▶ **Prompt**: Please reproduce all the data exactly as written and omit the pictures.

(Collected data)
++++

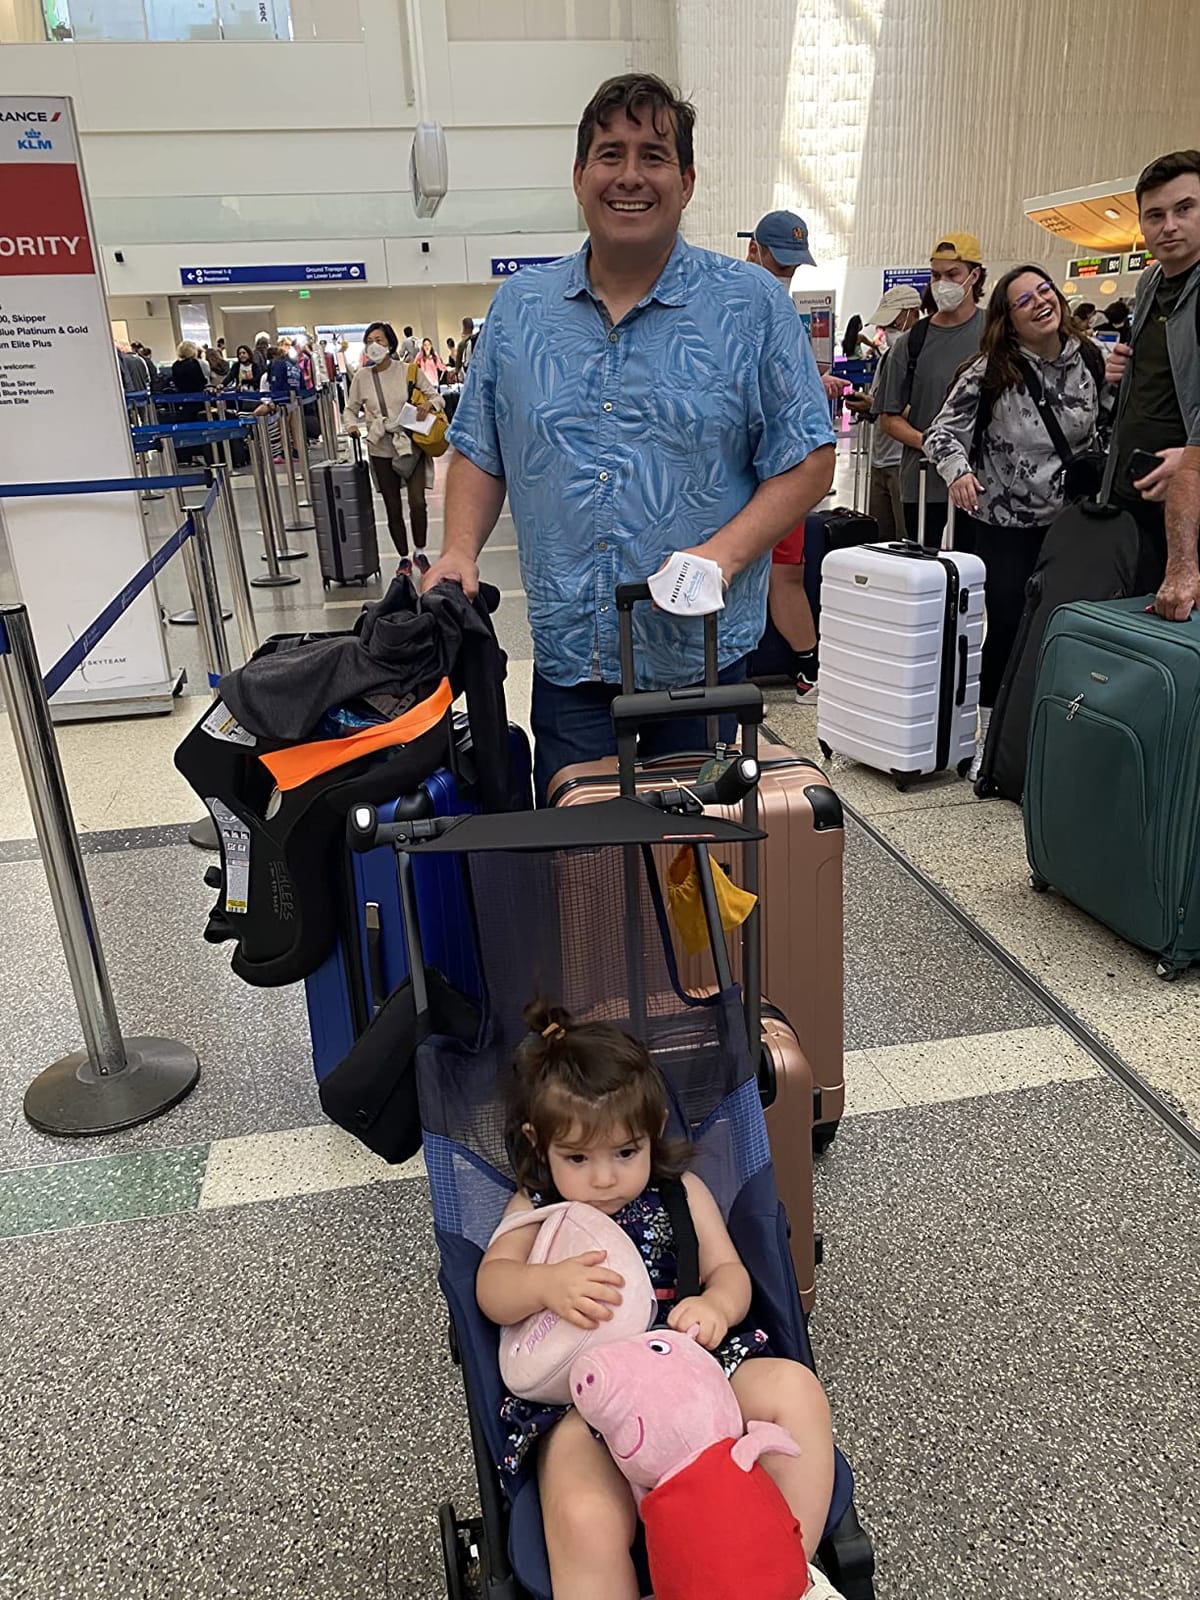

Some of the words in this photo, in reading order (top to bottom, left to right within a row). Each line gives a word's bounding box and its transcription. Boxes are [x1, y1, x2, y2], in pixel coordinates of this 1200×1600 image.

[17, 139, 53, 149] KLM
[12, 314, 46, 323] Skipper
[17, 326, 57, 336] Platinum
[58, 326, 66, 334] &
[67, 326, 89, 334] Gold
[11, 340, 31, 349] Elite
[32, 339, 53, 348] Plus
[19, 387, 55, 396] Petroleum
[87, 657, 127, 666] SKYTEAM
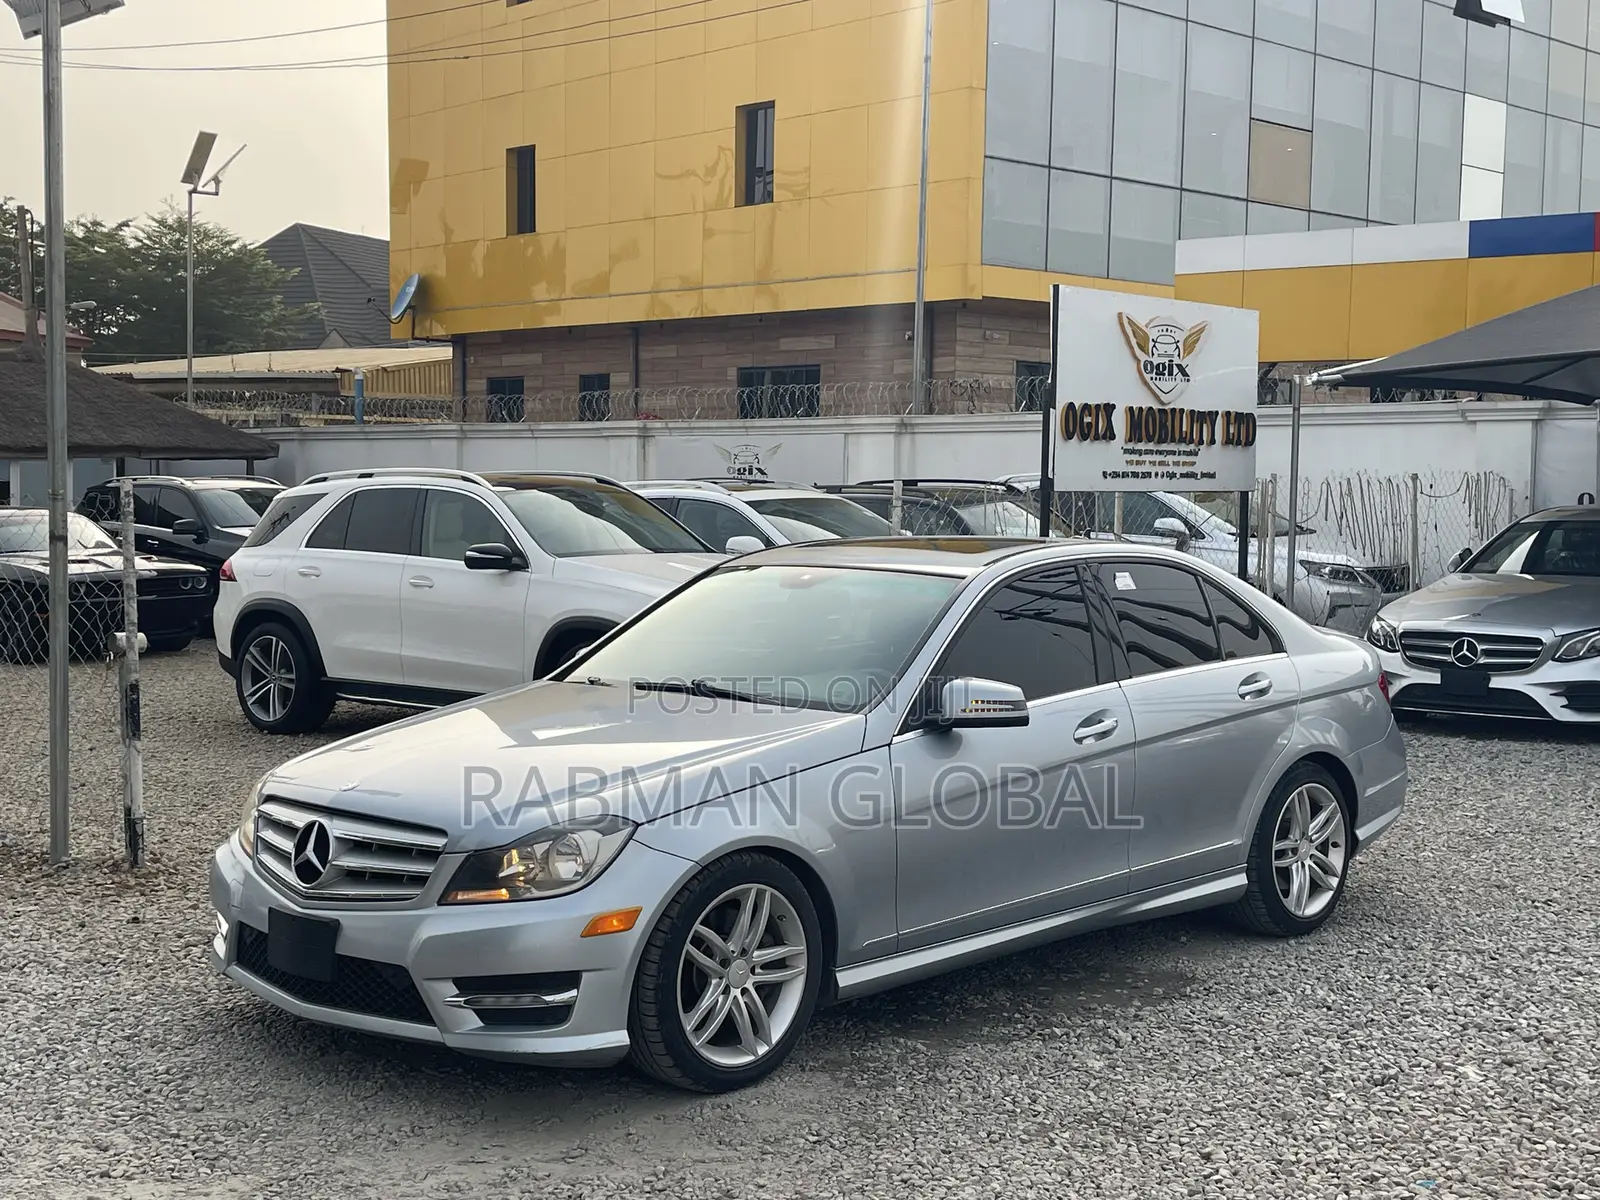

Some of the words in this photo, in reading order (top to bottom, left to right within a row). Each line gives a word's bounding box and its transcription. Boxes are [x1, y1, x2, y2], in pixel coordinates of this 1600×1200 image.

++++

▶ **Solution**:
Some of the words in this photo, in reading order (top to bottom, left to right within a row). Each line gives a word's bounding box and its transcription. Boxes are [x1, y1, x2, y2], in pixel coordinates of this 1200×1600 image.

[17, 139, 53, 149] KLM
[12, 314, 46, 323] Skipper
[17, 326, 57, 336] Platinum
[58, 326, 66, 334] &
[67, 326, 89, 334] Gold
[11, 340, 31, 349] Elite
[32, 339, 53, 348] Plus
[19, 387, 55, 396] Petroleum
[87, 657, 127, 666] SKYTEAM

Some of the words in this photo, in reading order (top to bottom, left to right within a row). Each line gives a word's bounding box and its transcription. Boxes are [x1, y1, x2, y2], in pixel coordinates of this 1600×1200 image.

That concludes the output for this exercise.